O banimento atual não é dos espaços físicos e geográficos, como na Grécia antiga. O ostracismo atual ocorre na esfera digital com bloqueios e exclusões de contas nas redes sociais como Facebook, Twitter, Instagram e YouTube. O último concurso mundial de impopularidade foi vencido por Donald Trump, ex-presidente americano, derrotado na mais recente eleição estadunidense. A pena aplicada a ele na arena digital foi o bloqueio permanente da sua conta no Twitter, sob o argumento do “risco de uma maior incitação à violência”.
Vale lembrar que o referido político não aceitou o resultado das urnas, de forma tão intensa e insistente que levou seus seguidores a invadirem o Capitólio.
O ponto de discussão neste ensaio não são os fatos que foram usados para justificar a adoção do “ostracismo digital”, tampouco, a justiça ou injustiça da medida, mas o próprio processo de tomada dessa decisão e a legitimidade dos julgadores. Em Atenas, o ostracismo, cuja origem do termo ostrakismos significa julgamento por cacos, possuía uma ritualística que buscava impedir fraudes, bem como a decisão era tomada democraticamente, segundos as regras vigentes à época, conforme nos relata John Keane:
“Para que a assembleia pudesse ser mantida o mais calma possível, a discussão era severamente restrita antes do voto final ser feito. A competição de impopularidade concluía com o costume incomum de cercar uma grande área aberta da assembleia, onde a votação final ocorria, em silêncio. Dez entradas para o cercado eram criadas: uma para os membros de cada tribo, que entravam em fila, um a um, segurando um caco de cerâmica com o nome do cidadão a ser expulso rabiscado. Após depositar seu voto, para impedir fraude, os cidadãos precisavam permanecer dentro do cercado até os votos serem contados e o nome do sacrificado ser anunciado. Era um homem, um voto, uma vítima” (2)

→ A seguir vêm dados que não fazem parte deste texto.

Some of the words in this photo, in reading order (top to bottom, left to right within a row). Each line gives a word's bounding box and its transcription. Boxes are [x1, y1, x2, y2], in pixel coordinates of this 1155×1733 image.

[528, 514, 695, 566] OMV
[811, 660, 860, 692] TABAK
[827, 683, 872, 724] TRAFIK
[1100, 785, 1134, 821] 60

E no ostracismo atual, realizado nas redes sociais, quais são as regras que disciplinam a aplicação dessas sanções que desterram os indivíduos do meio virtual? Quem as aplica ou deveria aplicar? Como ficam as garantias constitucionais ao contraditório e a ampla defesa?
E a liberdade de expressão, direito cultural fundamental? E antes que um leitor desavisado aplauda ou critique esse texto pensando que é uma defesa dessa figura política americana, não se trata disso. É apenas um alerta baseado na experiência democrática dos atenienses da antiguidade, que abandonaram o ostracismo quando perceberam que ele podia ser mal utilizado por aqueles que queriam eliminar os seus rivais. Ou seja, existem outras ameaças à democracia e à liberdade, além daquele político derrotado e inconformado.

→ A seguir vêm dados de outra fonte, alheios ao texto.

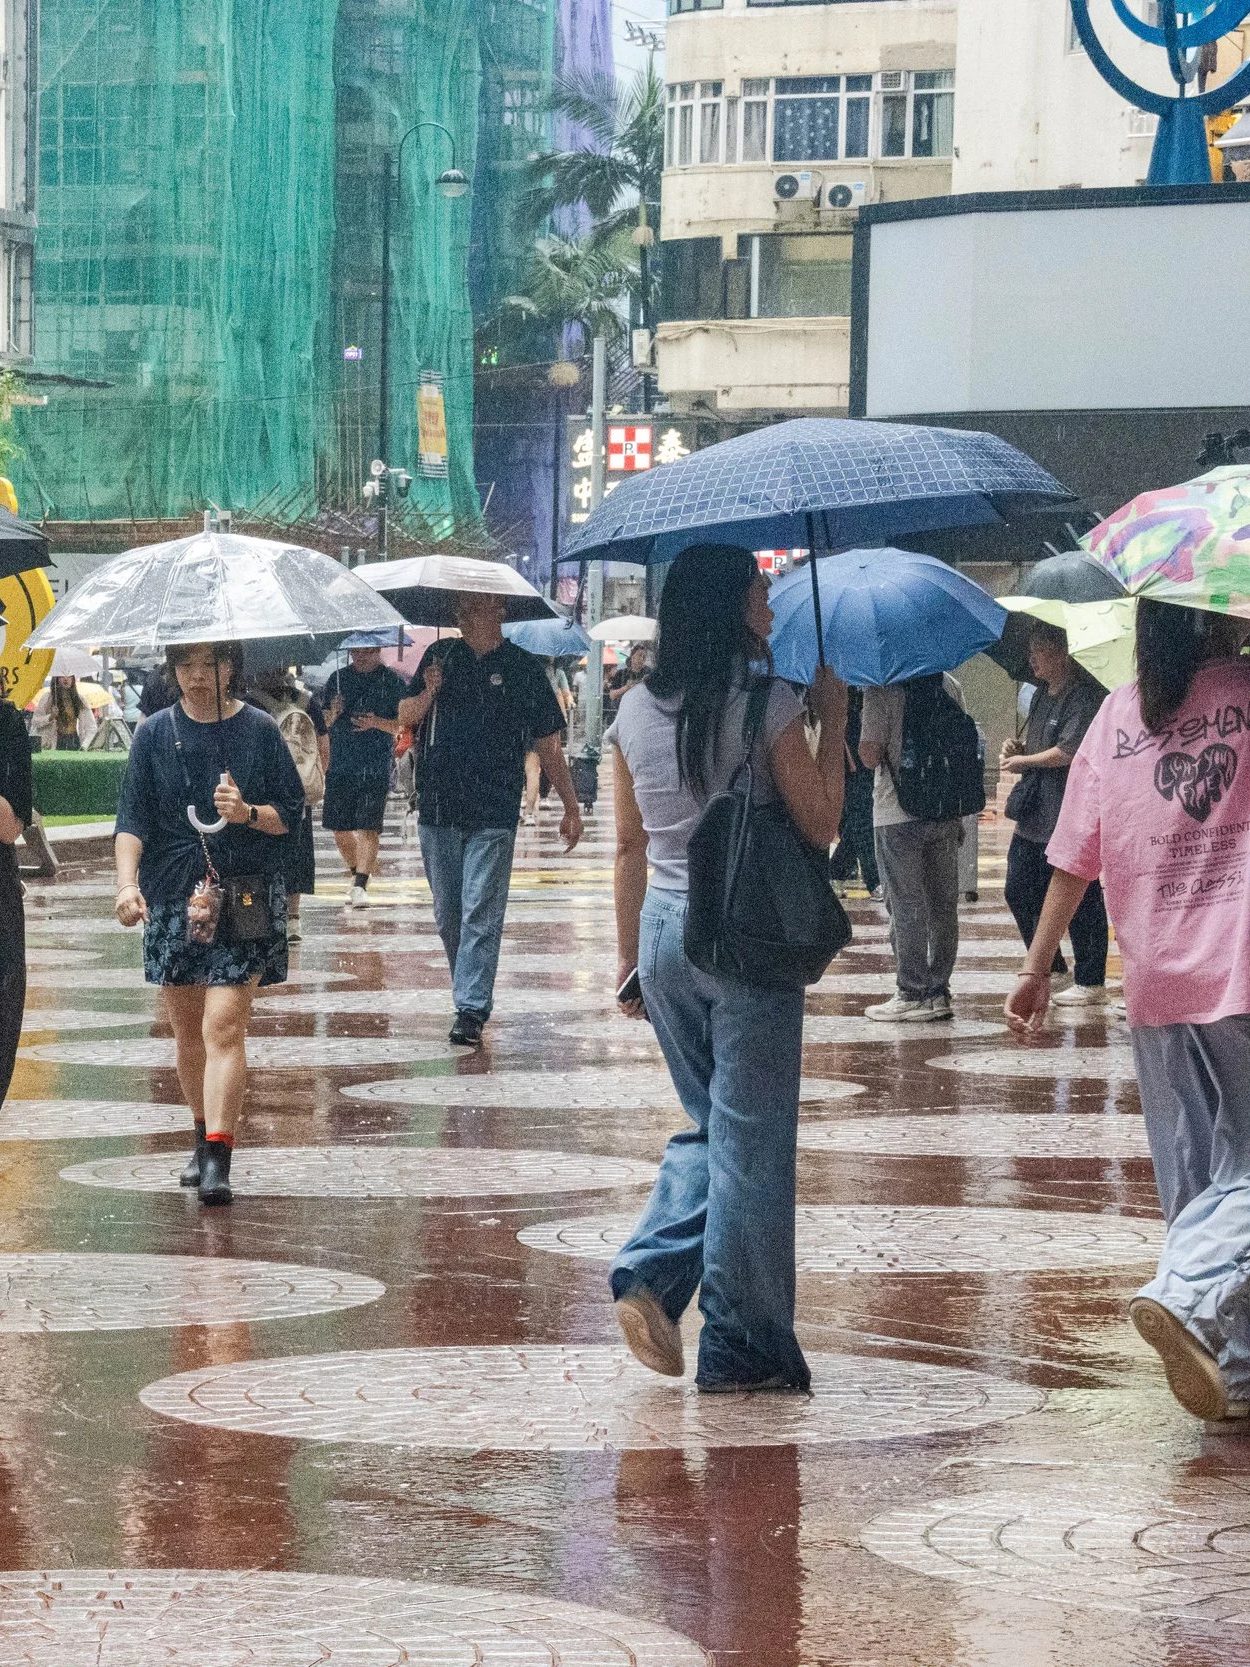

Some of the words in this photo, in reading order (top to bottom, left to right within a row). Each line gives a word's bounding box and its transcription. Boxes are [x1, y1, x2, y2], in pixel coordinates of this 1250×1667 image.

[1150, 833, 1182, 846] BOLD
[1184, 821, 1250, 841] CONFIDENT
[1170, 838, 1237, 858] TIMELESS
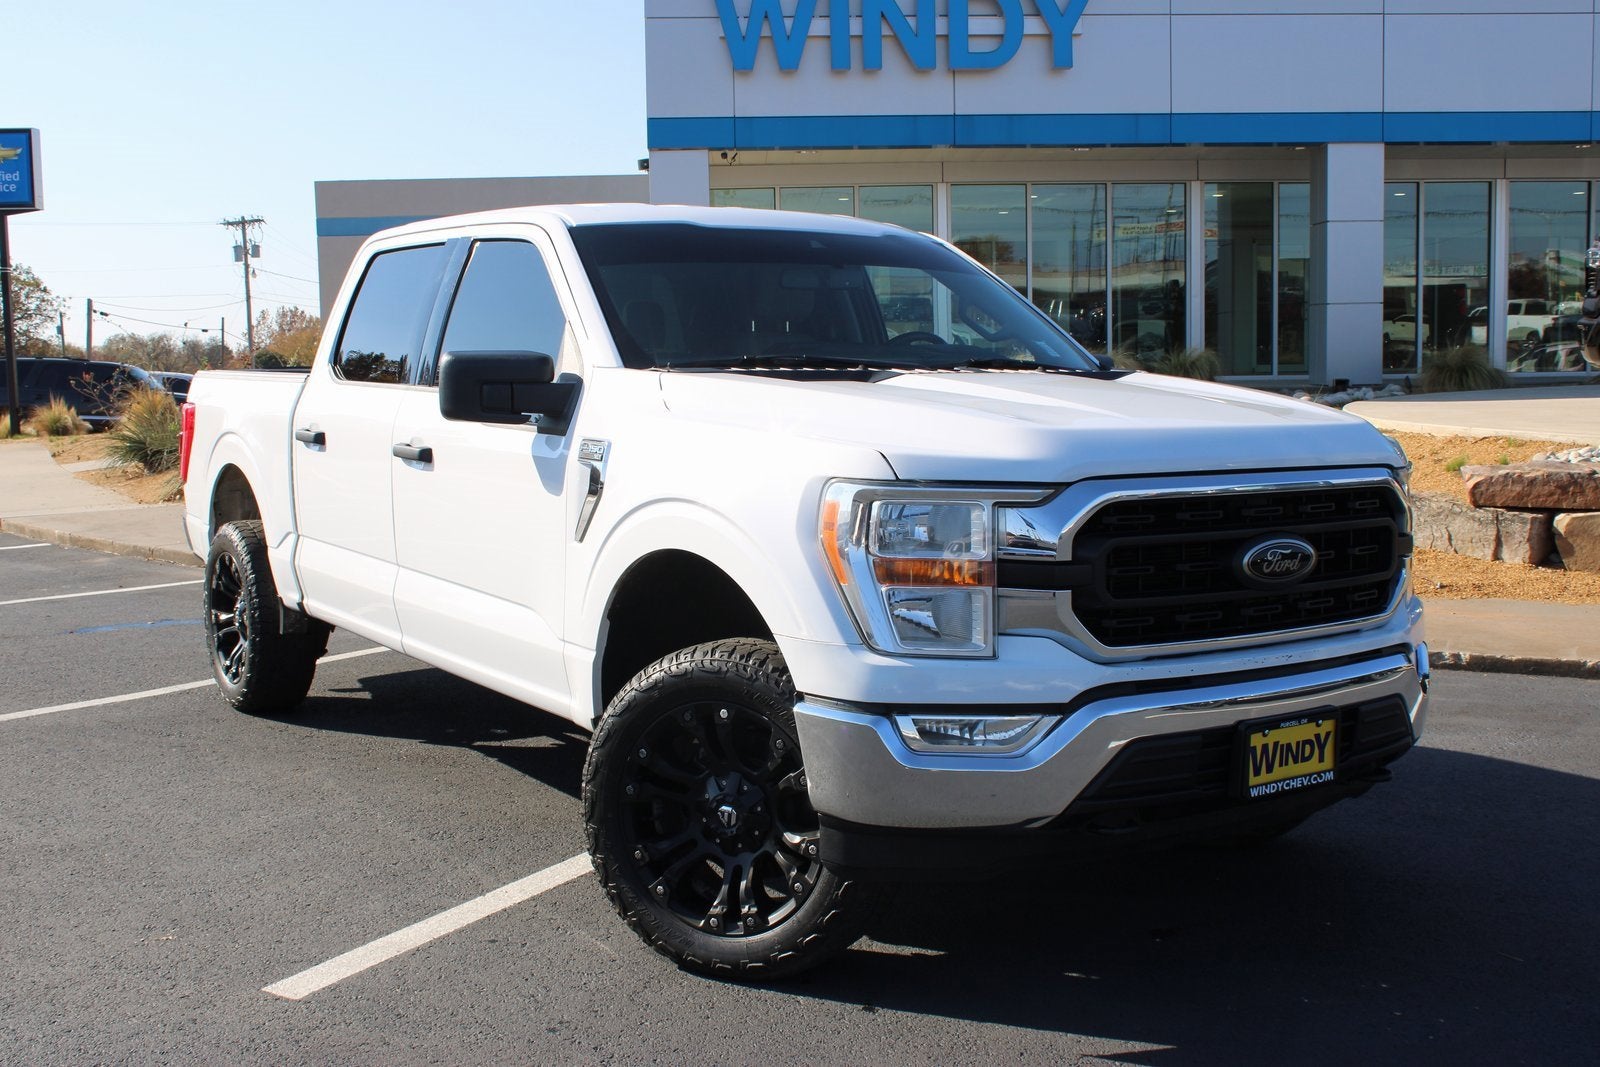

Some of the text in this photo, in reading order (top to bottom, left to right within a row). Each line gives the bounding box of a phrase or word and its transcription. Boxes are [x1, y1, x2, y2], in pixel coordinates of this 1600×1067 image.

[714, 0, 1088, 71] WINDY
[1263, 549, 1302, 573] Ford
[1250, 731, 1332, 778] WINDY
[1250, 771, 1334, 797] WINDYCHEV.COM

Na atualidade, como as redes sociais envolvem uma diversidade de conteúdos e espaços de discussão, que transcendem os limites das relações meramente privadas, elas [redes sociais] devem ser disciplinadas por normas de direito público aptas a assegurar os direitos fundamentais dos cidadãos nesse mundo digital, começando por assegurar um devido processo legal.
Allan Carlos Moreira Magalhães - Doutor em Direito, professor e pesquisador com estudos no campo dos Direitos Culturais. Autor do livro “Patrimônio Cultural, Democracia e Federalismo”. Articulista do Instituto Brasileiro de Direitos Culturais (IBDCult)
(1) KEANE, John. Vida e morte da democracia. São Paulo: Edições 70, 2010, p. 36.